Work order » Leave the images out, and otherwise write out each entry exactly.
----------
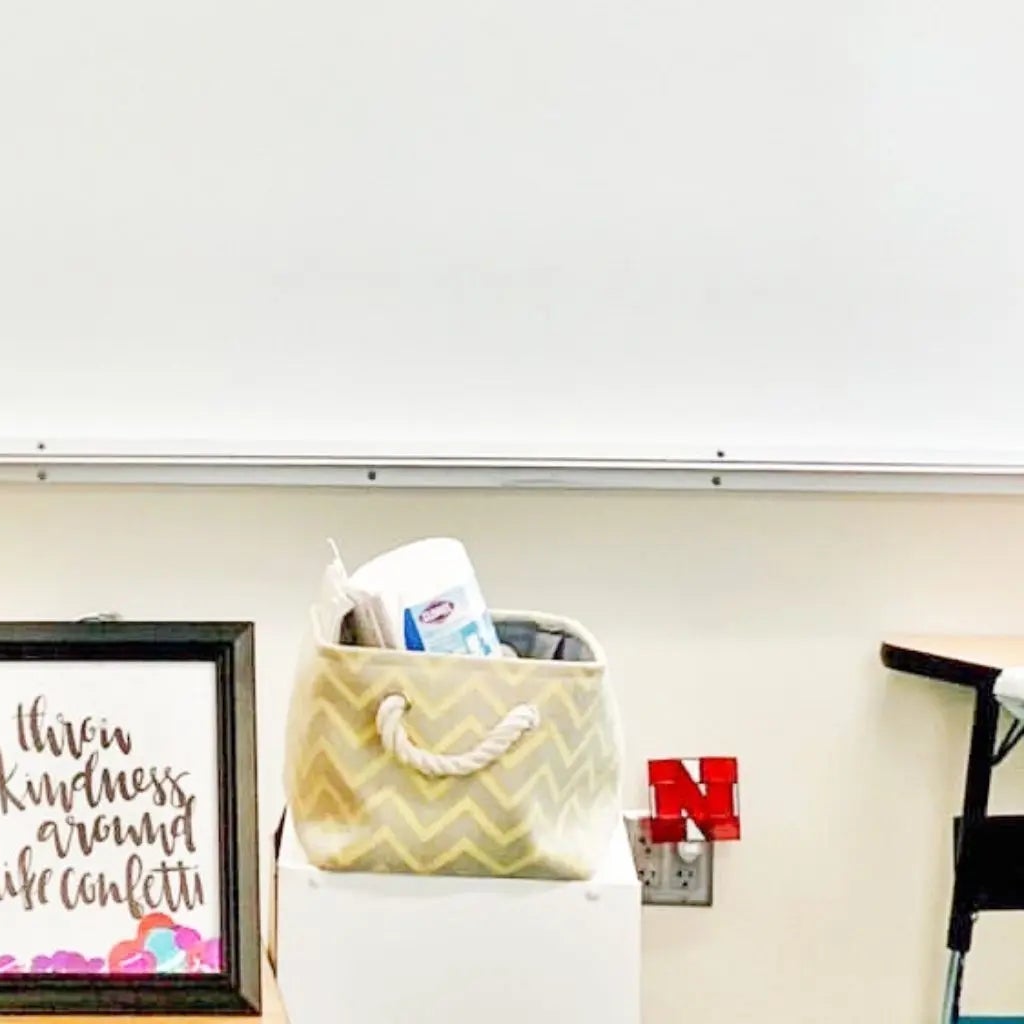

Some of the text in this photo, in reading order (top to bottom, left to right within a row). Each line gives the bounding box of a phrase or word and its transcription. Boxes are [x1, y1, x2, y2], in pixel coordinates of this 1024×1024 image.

[11, 694, 133, 760] throw
[36, 795, 197, 859] around
[648, 756, 741, 845] N
[59, 853, 206, 920] confetti
----------
Answer for this exercise »
Some of the text in this photo, in reading order (top to bottom, left to right within a row). Each line gives the bounding box of a phrase or word and its transcription. Boxes are [x1, y1, x2, y2], in pixel coordinates of this 1024×1024 image.

[11, 694, 133, 760] throw
[36, 795, 197, 859] around
[648, 756, 741, 845] N
[59, 853, 206, 920] confetti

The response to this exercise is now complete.